Exercise brief: Your answer is to be the exact text of the lines from the one containing "this 1344×1512 image." through the final line of the entries, restated in full, with pictures omitted.
+ + + + + + +
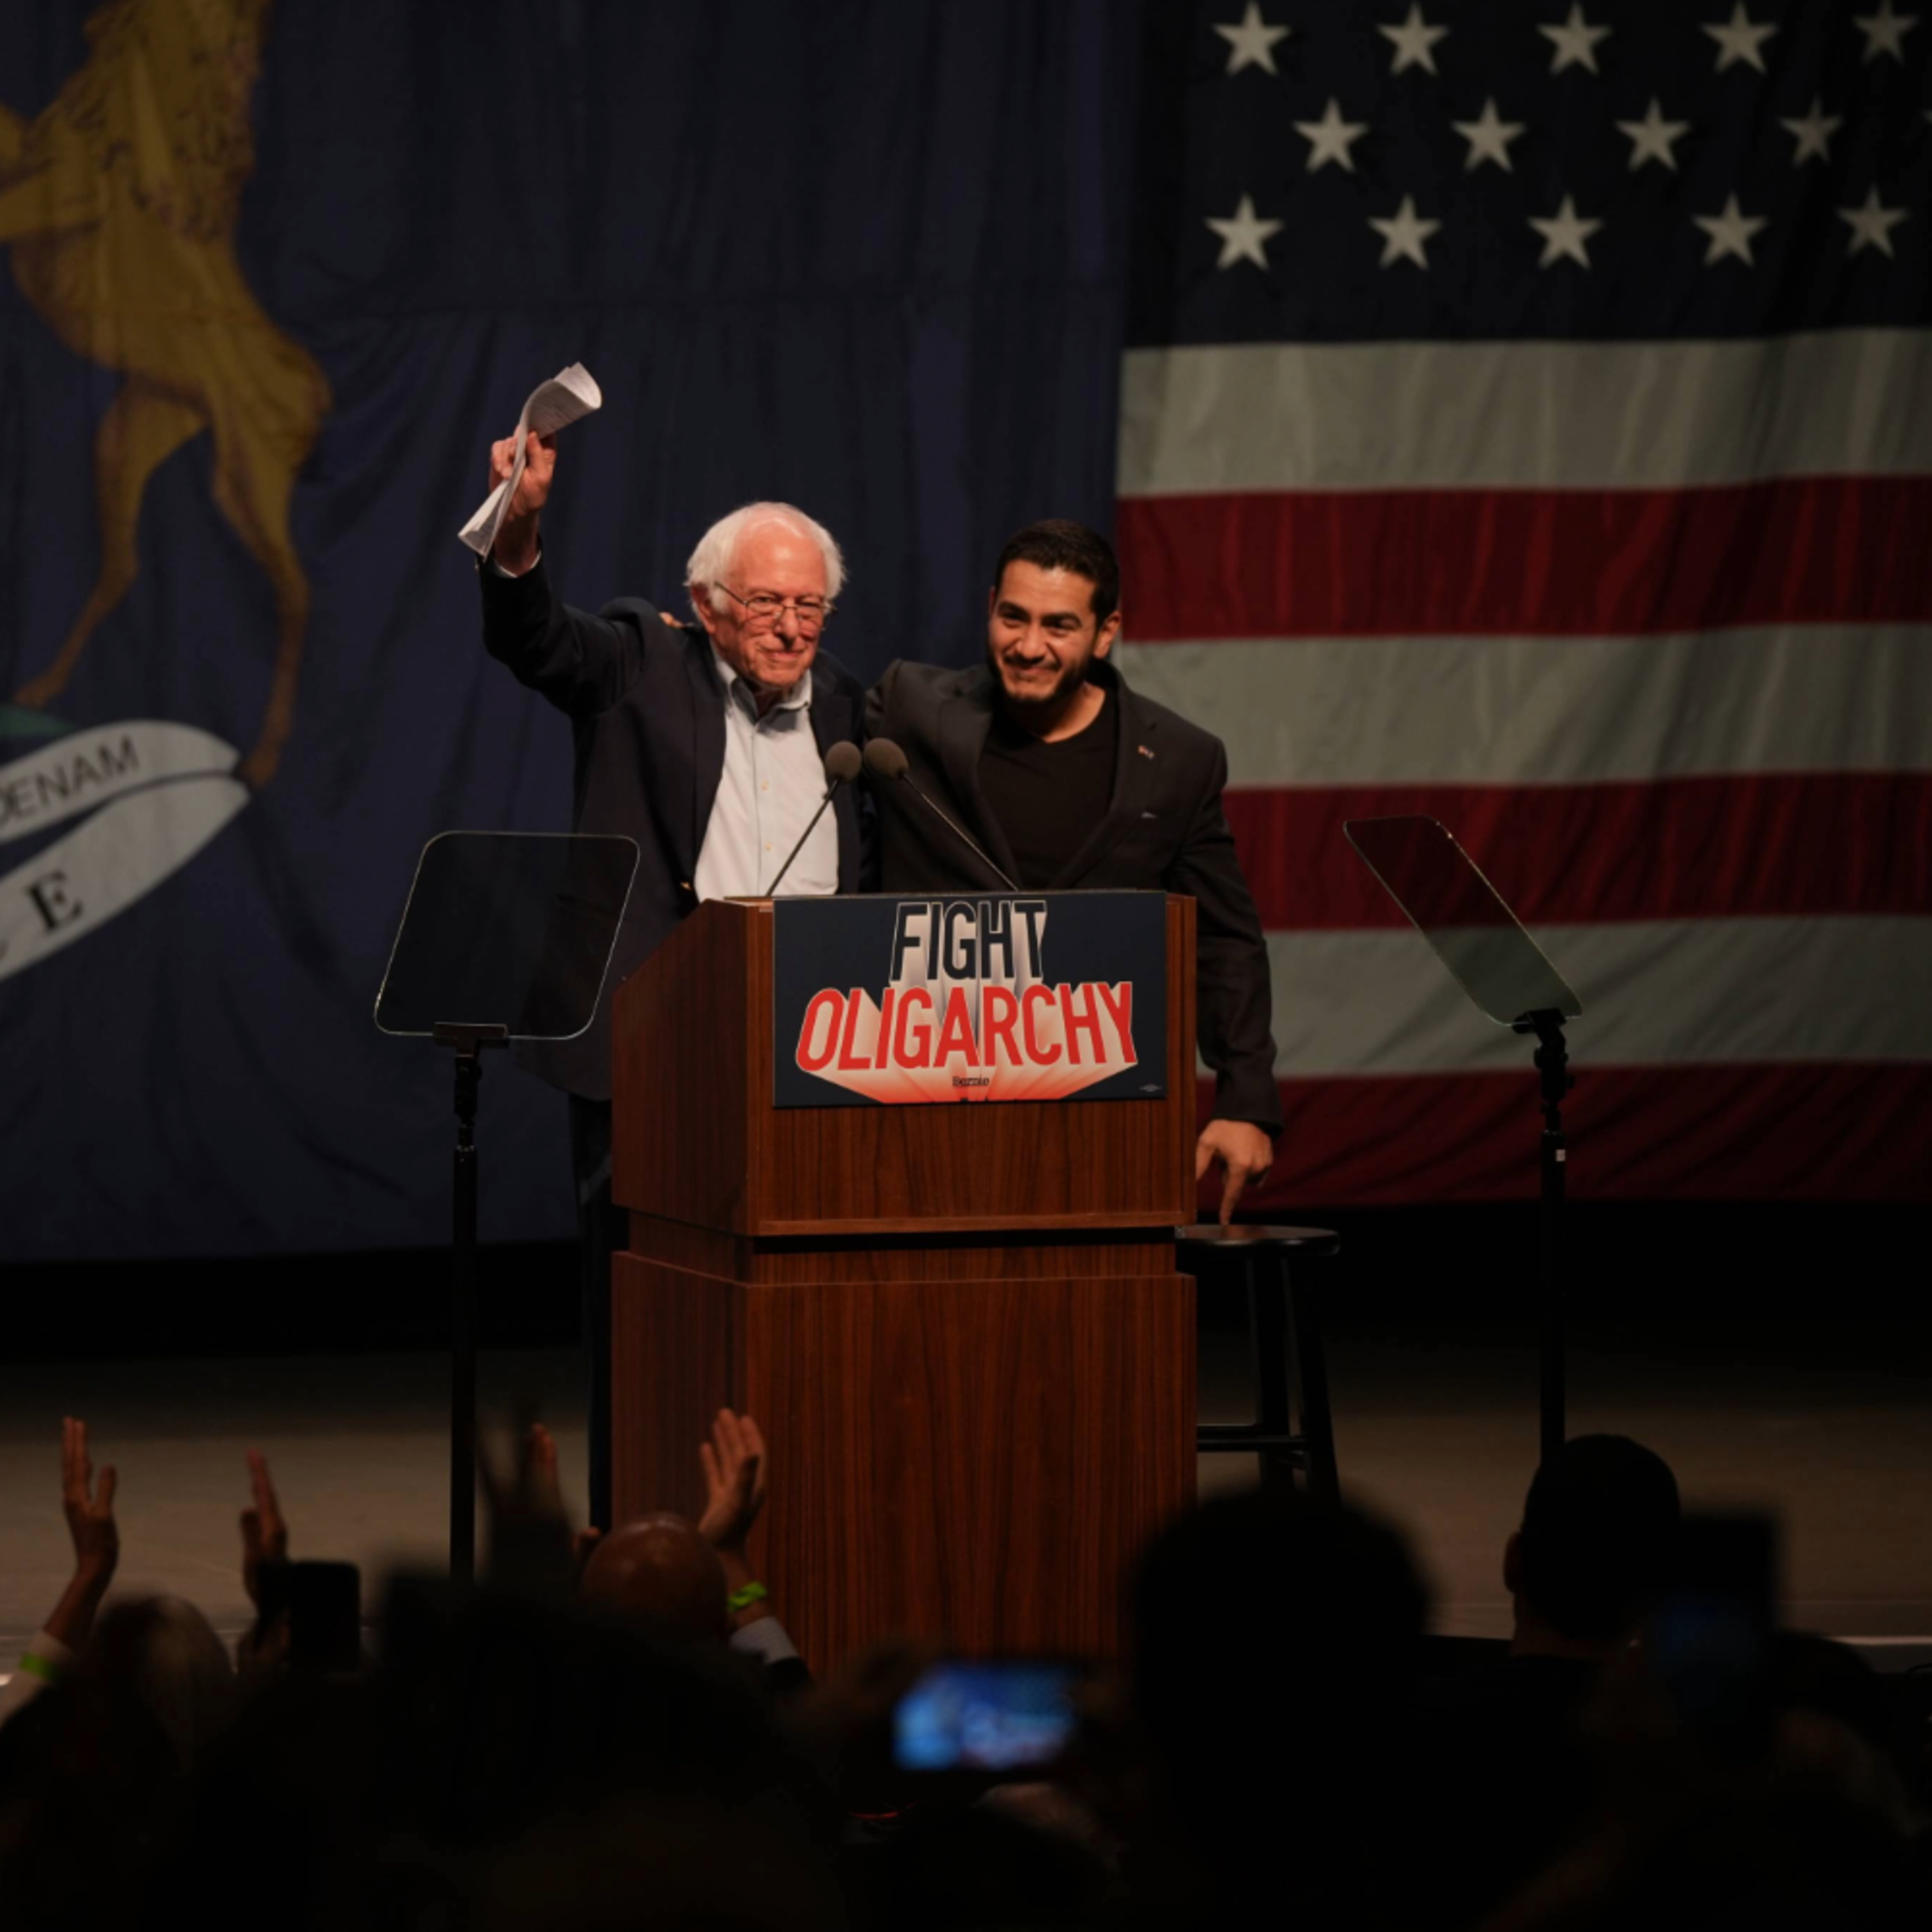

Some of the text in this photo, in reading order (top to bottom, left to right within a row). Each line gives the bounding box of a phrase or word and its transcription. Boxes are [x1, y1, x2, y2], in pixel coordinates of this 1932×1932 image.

[889, 900, 1047, 982] FIGHT
[795, 981, 1138, 1072] OLIGARCHY
[952, 1075, 990, 1087] Bernie
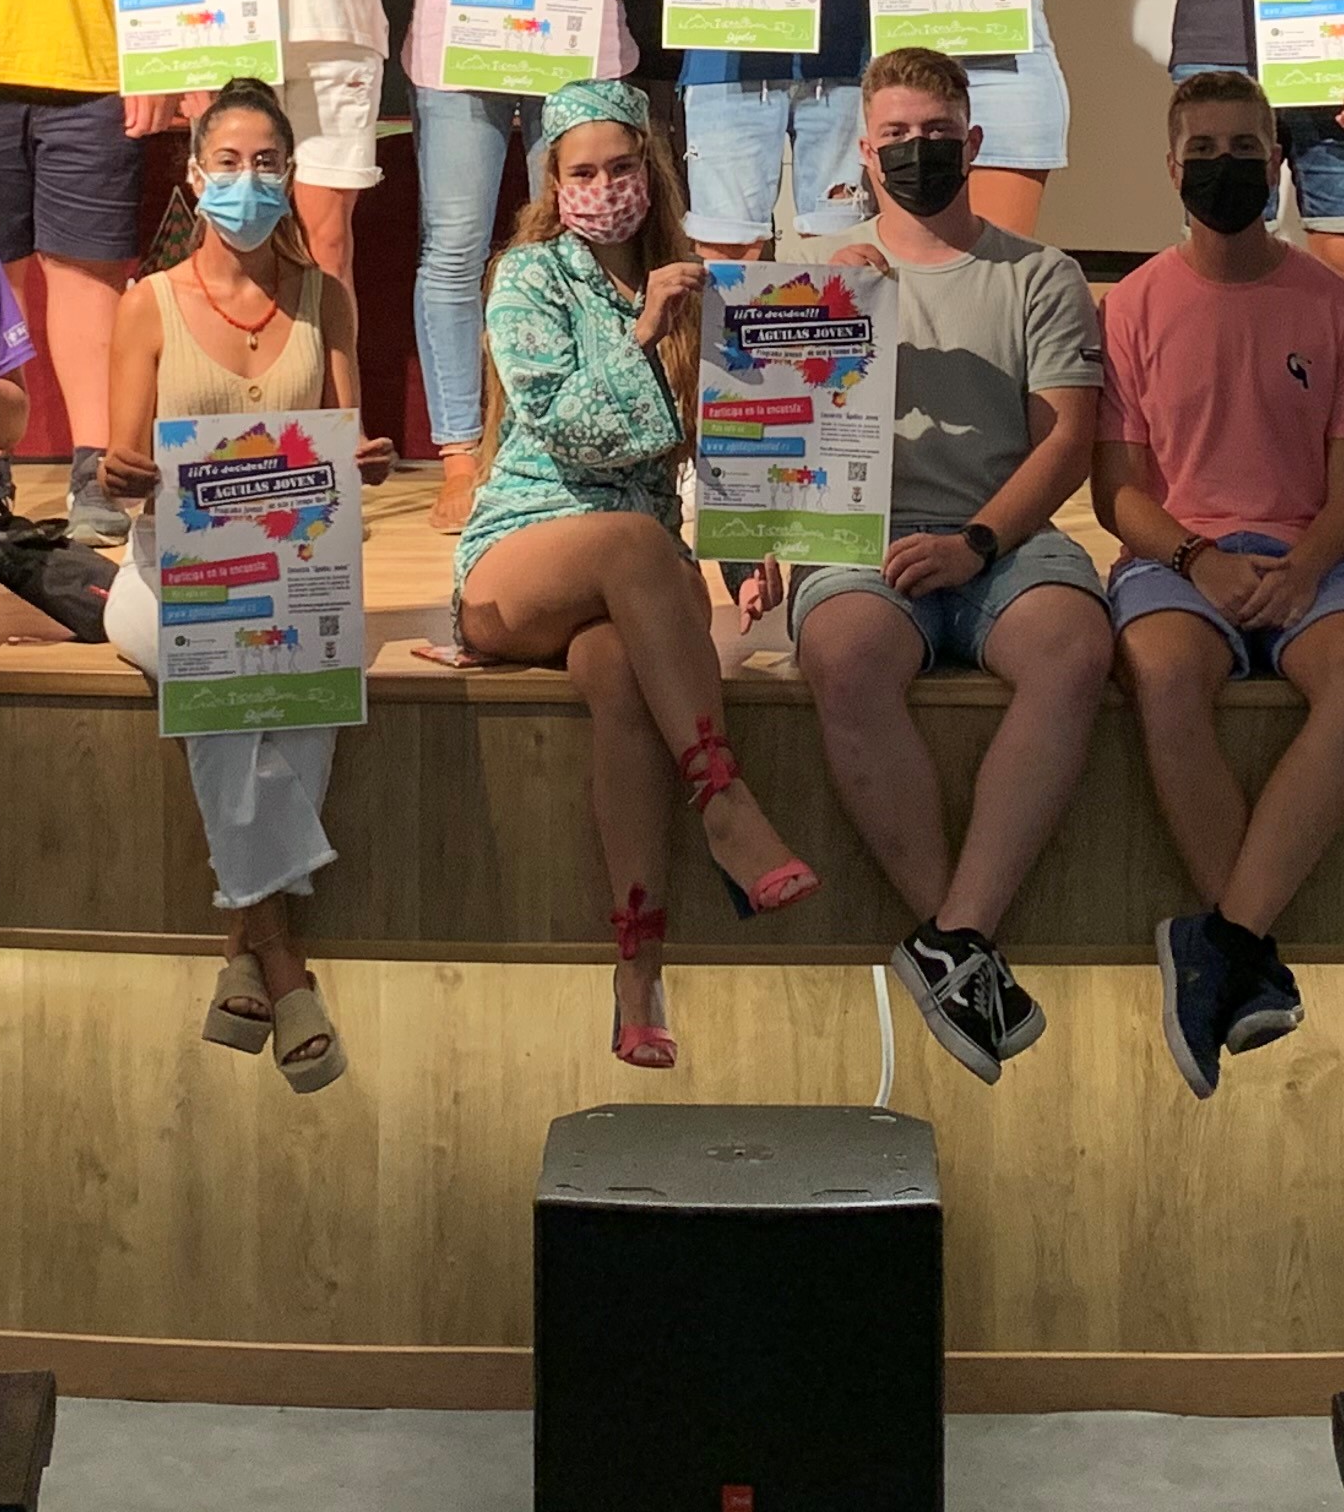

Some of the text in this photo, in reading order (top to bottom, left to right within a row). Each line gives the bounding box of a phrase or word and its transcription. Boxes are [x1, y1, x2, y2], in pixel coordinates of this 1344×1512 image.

[757, 326, 854, 341] ÁGUILAS JOVEN
[213, 473, 316, 499] ÁGUILAS JOVEN
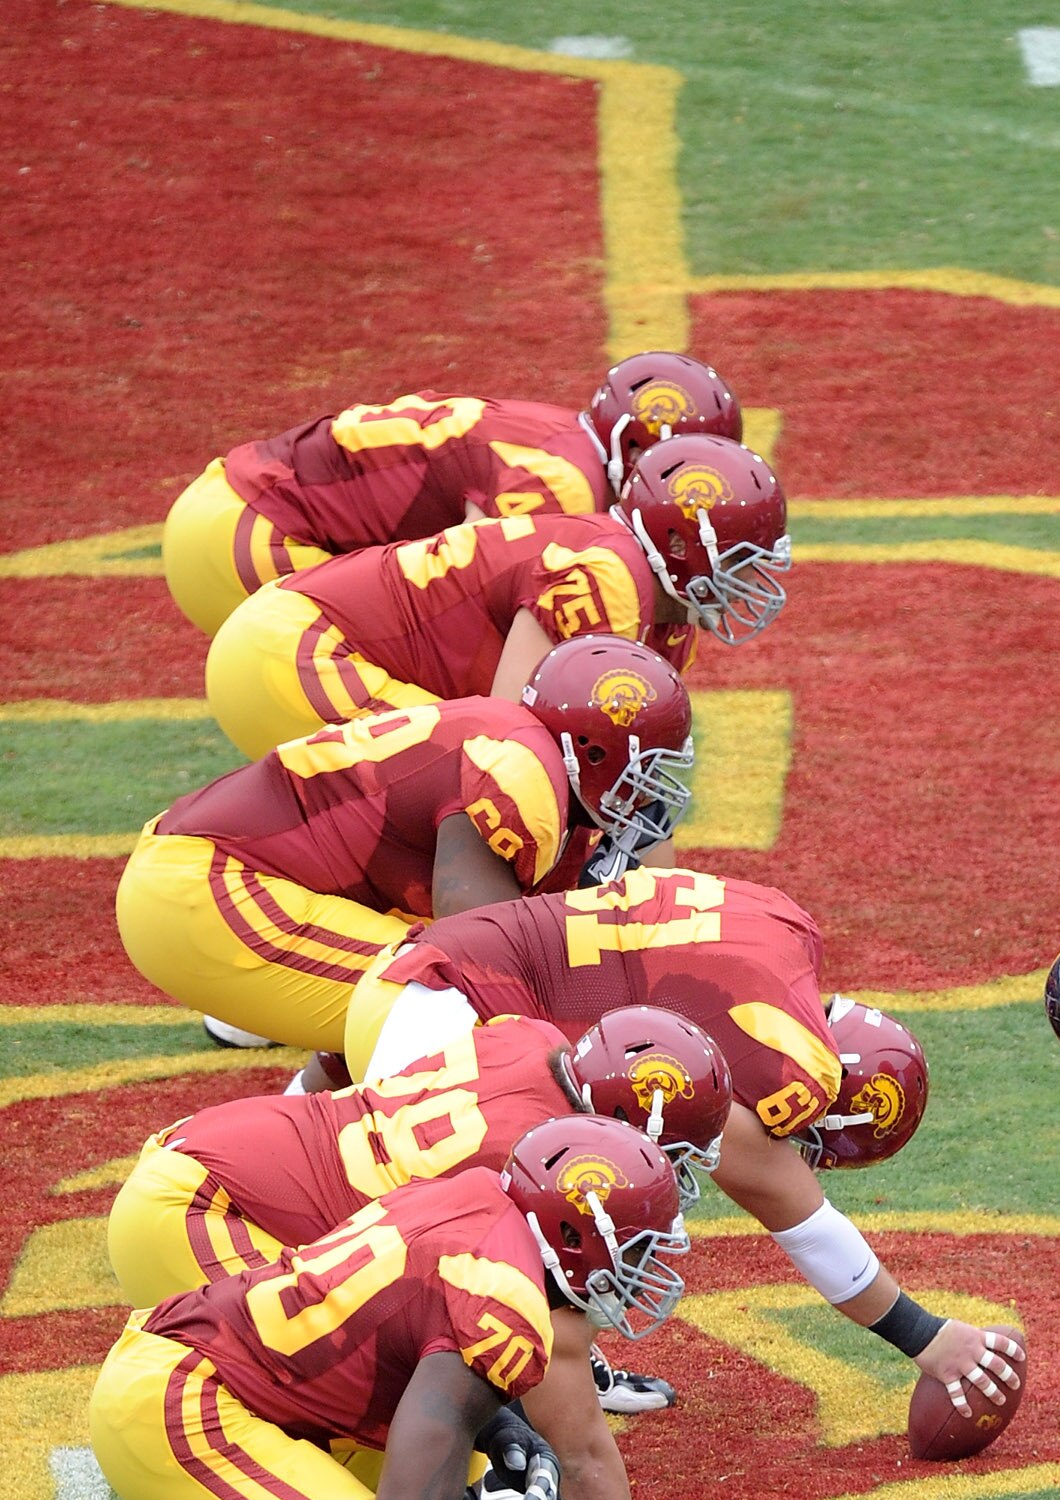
+ + + + + + +
Exercise solution:
Some of the text in this photo, in reading order (top to bottom, left to right within a row). Each line gives the bounding box of a phrase or word and its transcription. Boxes are [x1, y1, x2, y2], in pixel coordinates of this 1344×1512 image.

[757, 326, 854, 341] ÁGUILAS JOVEN
[213, 473, 316, 499] ÁGUILAS JOVEN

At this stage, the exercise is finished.